A naive translation of the code will remove a little bit of overhead from the bytecode dispatch, but the resulting code bloat will blow out instruction caches for any reasonable sized code. In small programs with one translation unit, analysis can sometimes work to speed things up, but it quickly becomes either undecidable or intractable.

Basically, on dynamic languages, you can often see static compilation being worse than a naive attempt at native code, especially once the hot path for the interpreter fits in cache, but the generated native code no longer does. Wanting to see results on real world benchmarks is entirely reasonable.



I don't know. Lua (the non JIT version) runs circles around Python -- without compilation.
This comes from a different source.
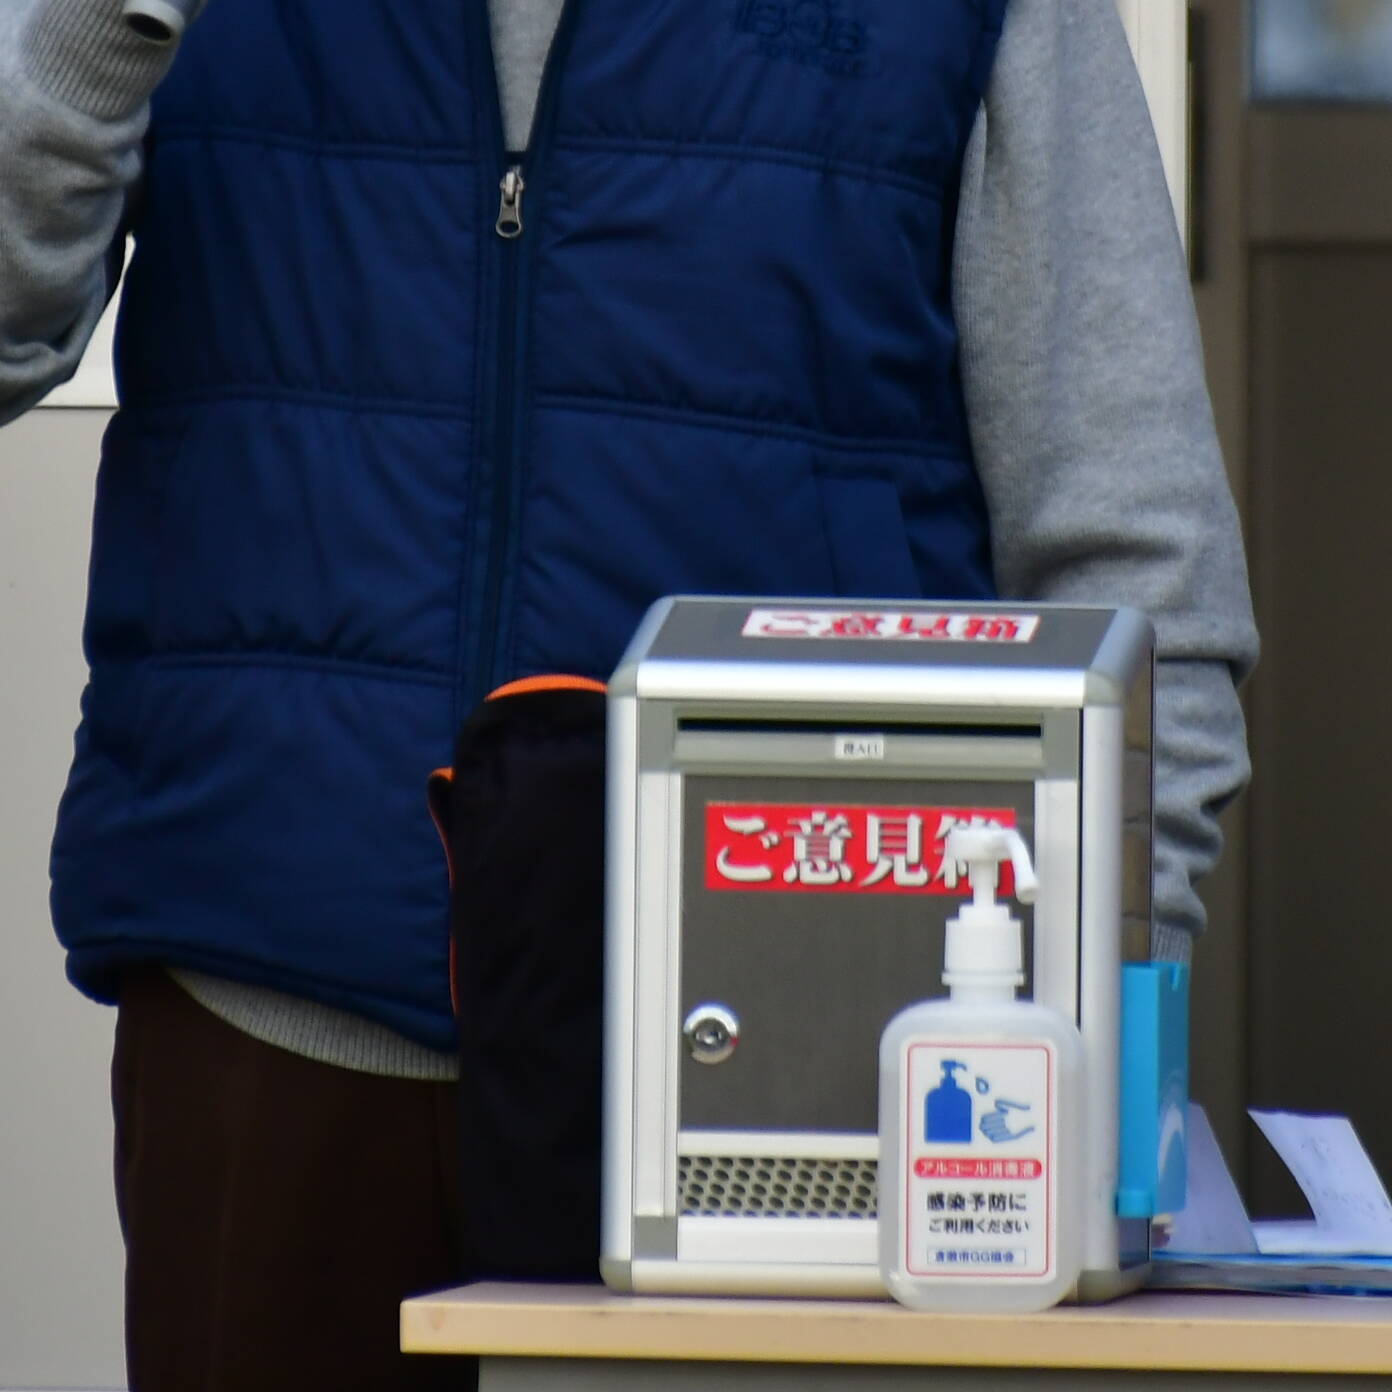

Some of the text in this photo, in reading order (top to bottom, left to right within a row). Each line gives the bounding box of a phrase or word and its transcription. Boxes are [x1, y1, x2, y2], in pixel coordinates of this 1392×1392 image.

And when adding compilation into the game, I don't see CL as any less dynamic (probably more) than Python, and yet it goes to near C speeds too.


CL goes near C speeds with an INCREDIBLE amount of work to make your program as static and C-like as possible. It also requires intimate knowledge of your particular implementation.

Sometimes it's not even possible (!) to get C speed because of things like float boxing across function boundaries.


I'll give you that -- but, while not C-speed, it still runs circles around Python when coding in a idiomatic style too.